Jesus, she’d think, each time. Could she get a break? Could she get a decent night’s sleep? Please?

And in the morning, she’d do it all over again.

It was screen-watching. Which wasn’t what she’d joined the Service for, but what she’d ended up doing. And it felt like ending up, too; felt like she had no future other than the one that waited every morning behind the flaking back door of Slough House, and stretched out minute by endless minute until the door shut behind her when she left. And the time in between was spent fuming at the injustice of it all.

She should quit. That’s what she should do. She should just quit.

But if she quit, that would make her a quitter. She hadn’t joined the Service to be a quitter, either.

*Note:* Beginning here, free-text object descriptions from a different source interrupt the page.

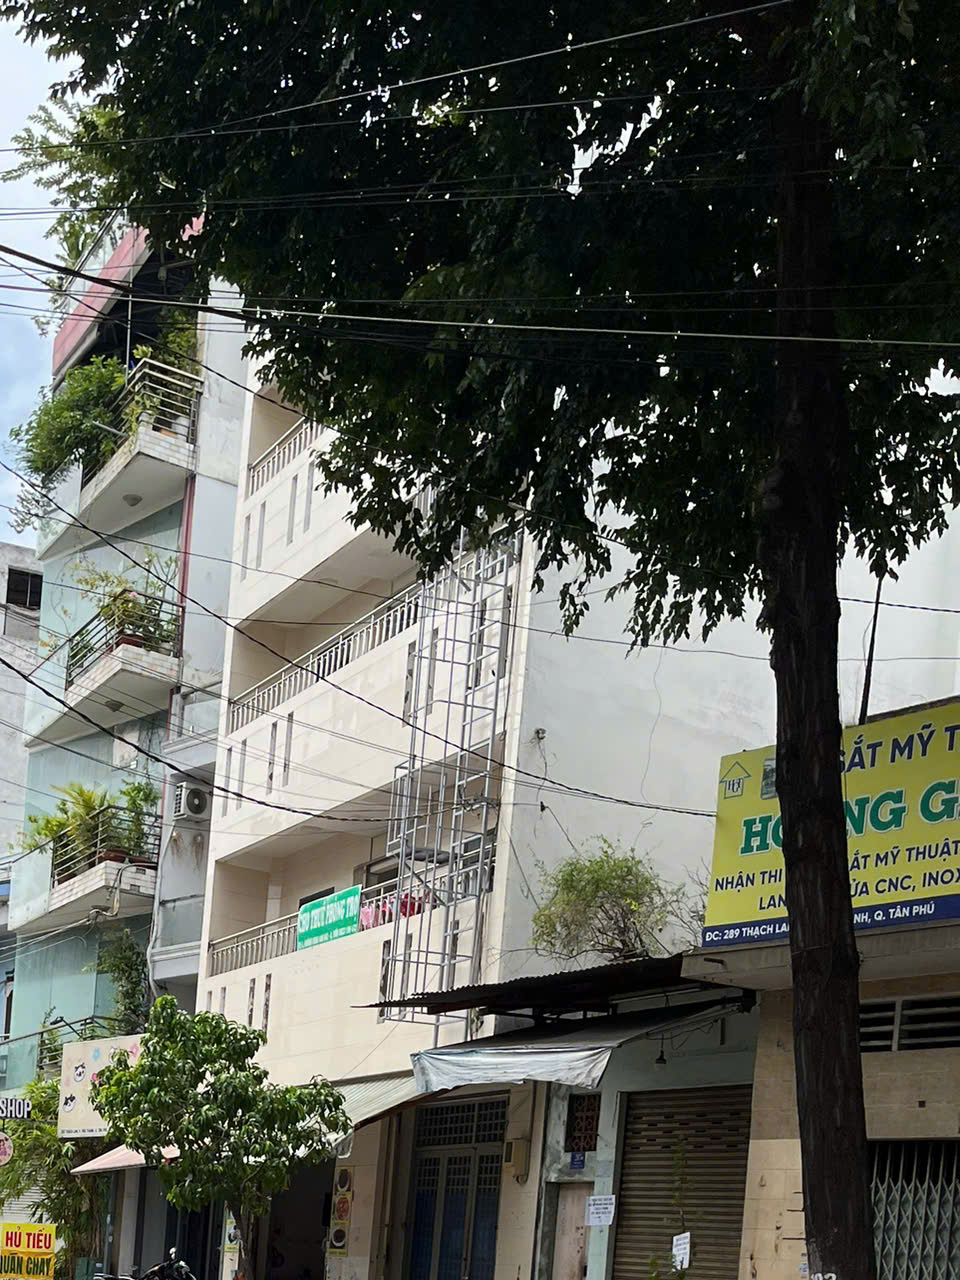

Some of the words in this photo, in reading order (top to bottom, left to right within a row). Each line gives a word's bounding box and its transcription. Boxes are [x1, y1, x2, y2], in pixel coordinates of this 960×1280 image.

[889, 722, 937, 764] MỸ
[714, 870, 756, 893] NHẬN
[759, 868, 783, 885] THI
[848, 850, 871, 872] ẮT
[874, 846, 901, 868] MỸ
[905, 838, 960, 863] THUẬT
[874, 875, 916, 894] CNC,
[873, 910, 886, 921] Q.
[888, 905, 910, 919] TÂN
[912, 900, 935, 916] PHÚ
[705, 931, 722, 942] ĐC:
[723, 928, 741, 940] 289
[741, 924, 774, 938] THẠCH
[0, 1098, 32, 1119] SHOP
[5, 1226, 22, 1248] HỦ
[25, 1227, 52, 1250] TIẾU
[26, 1255, 51, 1276] CHAY

The screen-watching was virtual surveillance, trolling among the mutant hillbillies of the blogosphere. Some of the websites she covered were Trojan horses, Service-designed to attract the disaffected; others might have belonged to other branches of the State – she sometimes wondered if she were lurking in chat rooms peopled entirely by spooks; the undercover equivalent of teen-sites populated entirely by middle-aged men. Genuine or not, the sites covered a range of mood, from the in-your-face (how to make your own bomb) to the apparently educational (‘the true meaning of Islam’) to the free-for-all forums where argument spat like a boiling chip pan, and rage brooked no grammar.

To pass for real in the world of the web she’d had to forget everything she’d ever known about grammar, wit, spelling, manners and literary criticism.

It felt pointless. Worse, it felt undoable … How could you know when something worse than words was meant, when all you had to go on were the words? And when the words were always the same: angry, vicious, murderous? Several times she’d decided that a particular voice rang darker than the rest, and had passed the information upstream. Where, presumably, it was acted upon: ISP addresses hunted down; angry young men tracked to their suburban bedrooms. But perhaps she was kidding herself. Maybe all the potential terrorists she ever identified were as ghostly as herself; other spooks in other offices, who were sending her own webname upstream even as she was sending theirs. It wouldn’t be the only aspect of the War on Terror that turned out to be a circle jerk. She should be out on the street, doing actual work. But she’d tried that already, and had screwed it up.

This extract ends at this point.